Razões pelas quais, decido no sentido de DAR PROVIMENTO PARCIAL AO RECURSO, para, reformando a sentença de primeiro grau, JULGAR PARCIALMENTE PROCEDENTE a ação, condenando a demandada ao pagamento de danos morais fixados em R$ 3.000,00 (cinco mil reais), com juros da citação e correção monetária do arbitramento. Sem custas ou honorários, devido à ausência de recorrente vencido.
Salvador, data registrada no sistema.
ELIENE SIMONE SILVA OLIVEIRA
Juíza Relatora
Processo julgado com base no artigo nº 15. do Regimento Interno das Turmas Recursais (resolução 02/2021 do TJBA), em seu inciso XII, estabelece a competência do Relator para julgar monocraticamente as matérias em que já estiver sedimentado entendimento pelo Colegiado ou já com uniformização de jurisprudência em consonância com o permissivo do art. 932, CPC.

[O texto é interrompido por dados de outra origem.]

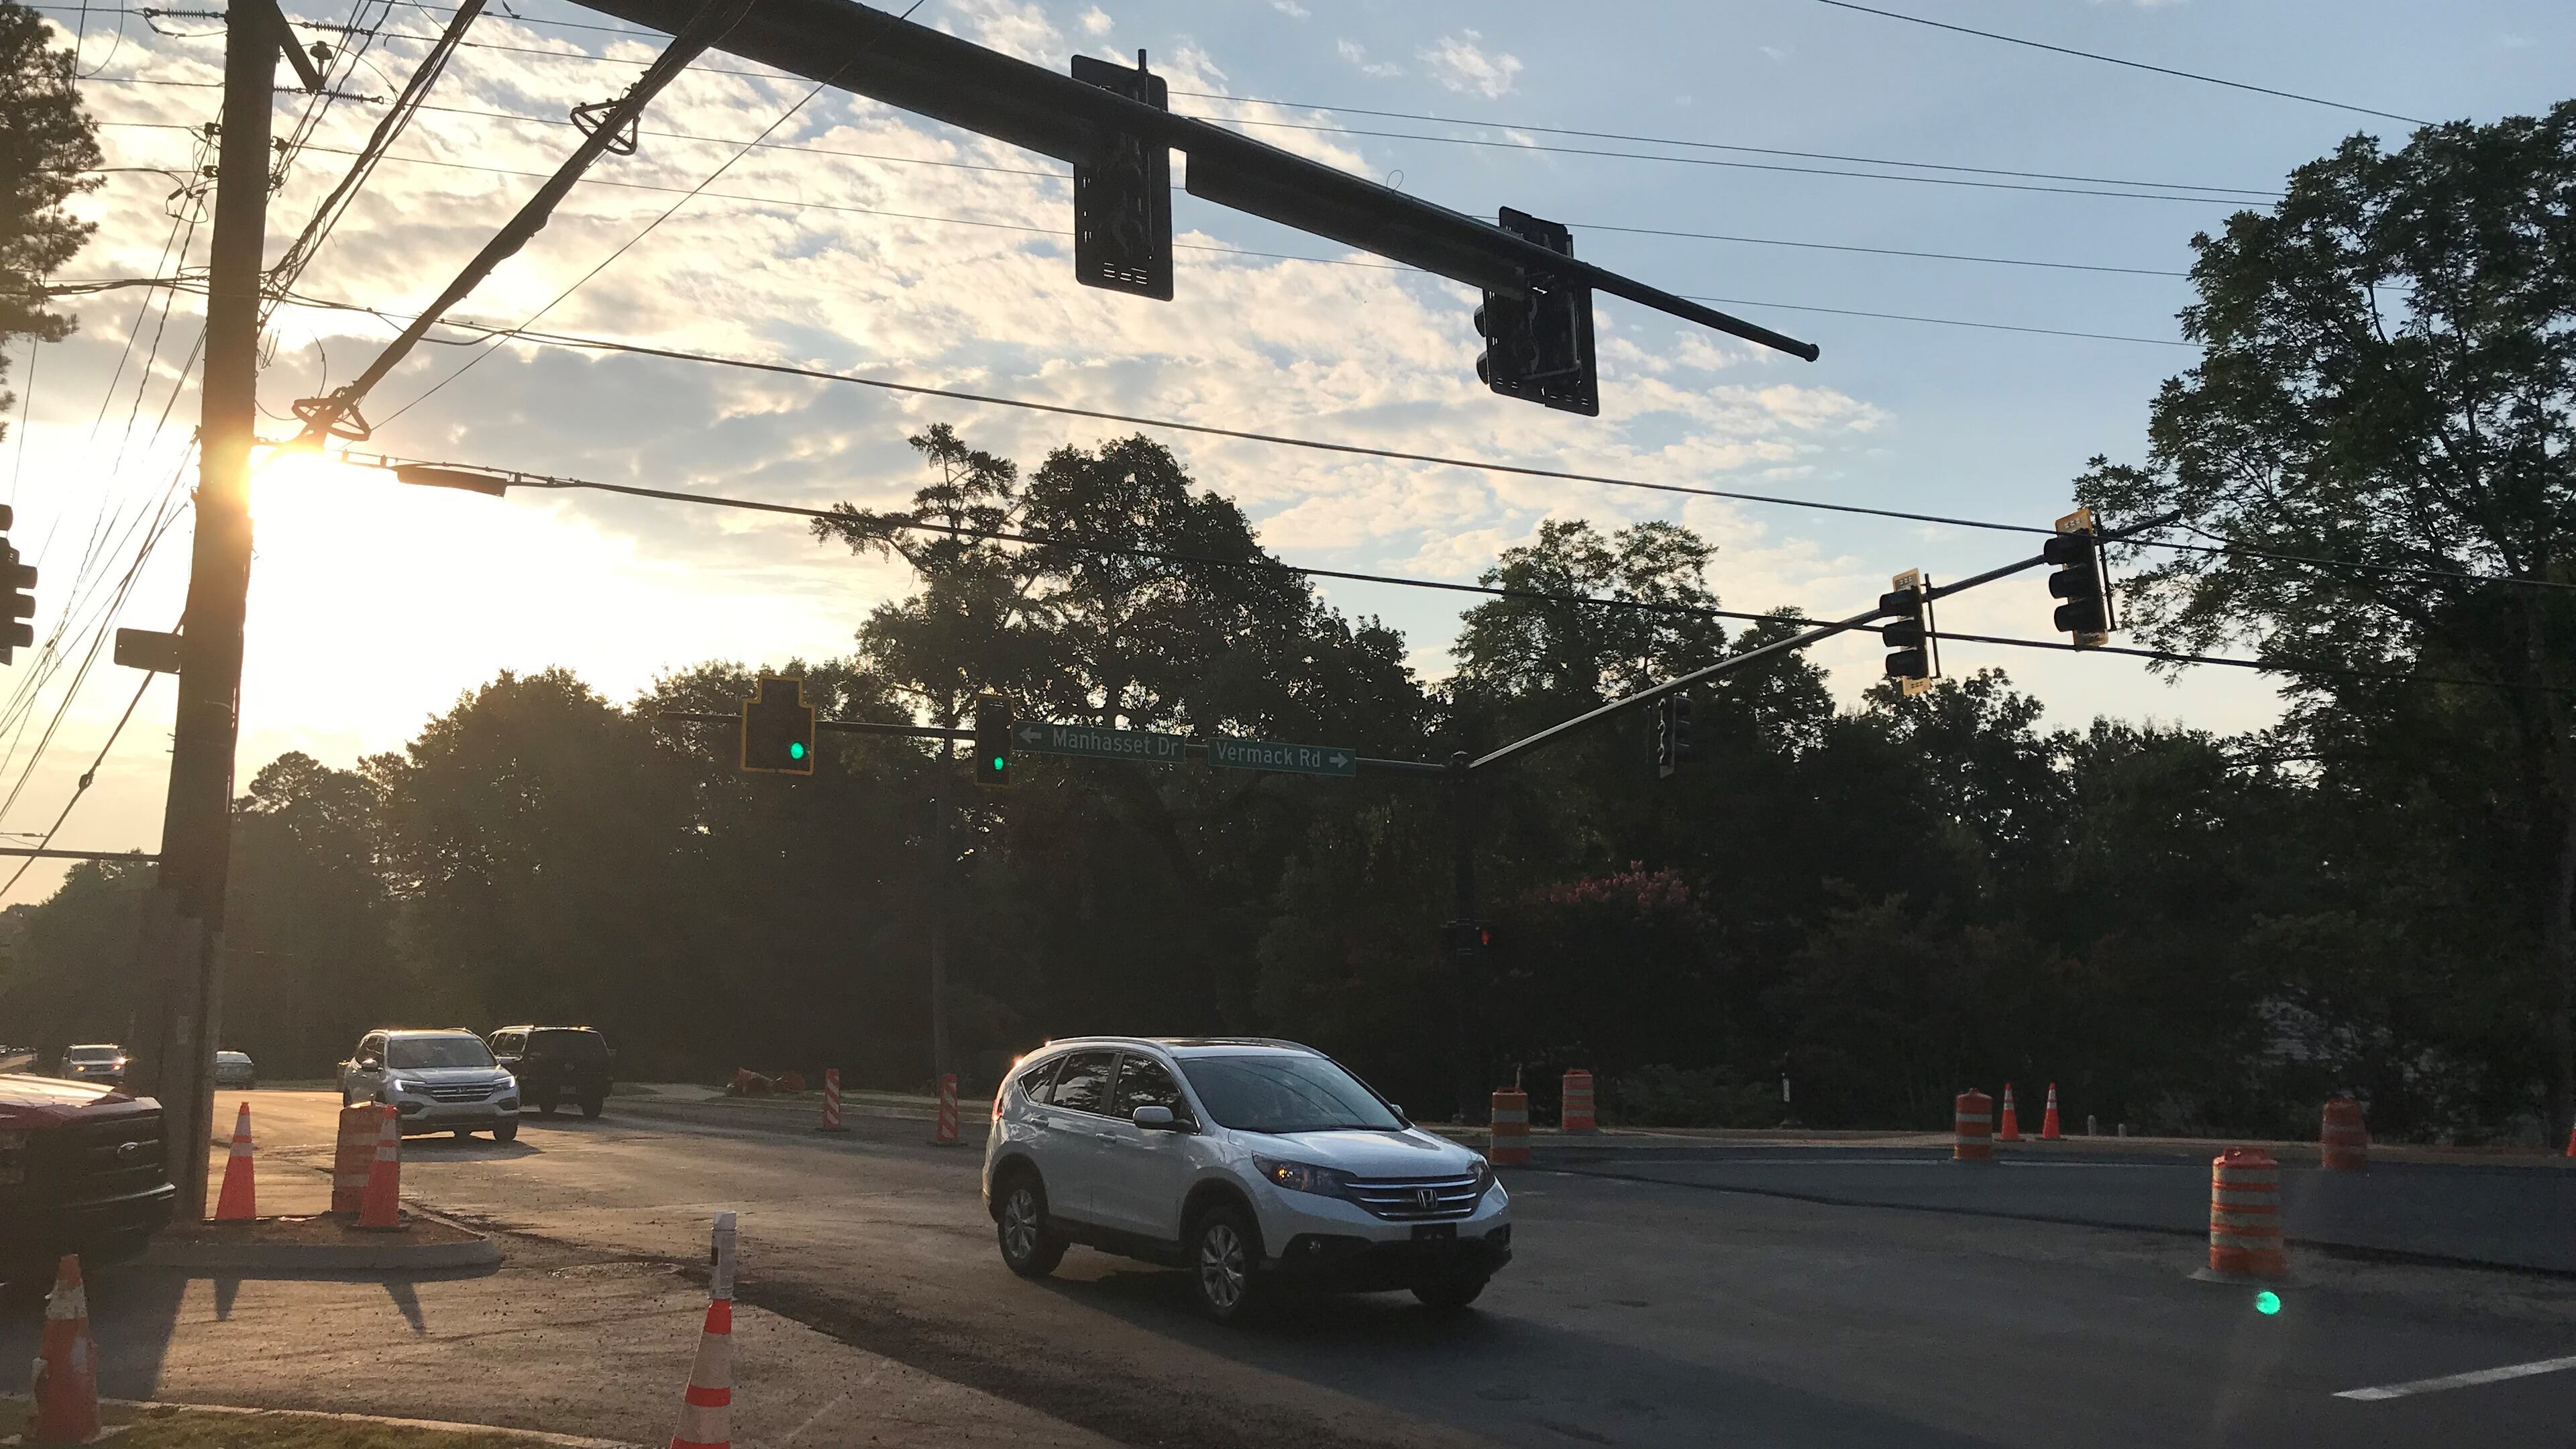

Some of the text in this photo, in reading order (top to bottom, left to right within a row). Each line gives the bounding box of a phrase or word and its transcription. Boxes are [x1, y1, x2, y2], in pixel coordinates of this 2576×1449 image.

[1] DIDIER, Fredie; BRAGA, Paula Sarno; OLIVEIRA, Rafael Alexandria de. Curso de direito processual civil: teoria da prova, direito probatório, decisão, precedente, coisa julgada e tutela provisória. 13ª ed. Salvador: JusPodium, 2018, p. 513-515.
[2] MARINHO AMARAL, Felipe. A Aplicação da Teoria dos Precedentes Judiciais no Processo do Trabalho, Editora Mizuno, 2021, p. 57.
1Art. 46. O julgamento em segunda instância constará apenas da ata, com a indicação suficiente do processo, fundamentação sucinta e parte dispositiva. Se a sentença for confirmada pelos próprios fundamentos, a súmula do julgamento servirá de acórdão.
2 APELAÇÃO CÍVEL. TRANSPORTE RODOVIÁRIO DE PASSAGEIROS. ATRASO EM VIAGEM INTERESTADUAL. QUEBRA DO ÔNIBUS. RESPONSABILIDADE OBJETIVA DO TRANSPORTADOR. INEXISTÊNCIA DE CASO FORTUITO OU DE FORÇA MAIOR. INDENIZAÇÃO POR DANO MORAL DEVIDA. QUANTUM MANTIDO. O descumprimento do contrato de transporte ou falha na prestação do serviço contratado dá ensejo ao dever de indenizar o dano moral causado ao passageiro. Responsabilidade objetiva do transportador. Art. 14 do CDC. A quantificação pecuniária a título de dano moral deve corresponder à justa reparação da vítima, além de chancelar o infrator com desembolso financeiro pedagógico/punitivo, para que se sinta desestimulado a reiterar práticas lesivas, sem perder de vista a moderação e a proporcionalidade do quantum a ser fixado para não fomentar o enriquecimento injustificado. Mantida a Indenização fixada na sentença em R$ 10.500,00. Não cabimento da devolução do valor pago pela passagem, pois o serviço foi prestado pela ré. Apelo parcialmente provido. (TJ-RS Apelação Cível Nº 70059772293, Décima Segunda Câmara Cível, Tribunal de Justiça do RS, Relator: Guinther Spode, Julgado em 28/08/2014)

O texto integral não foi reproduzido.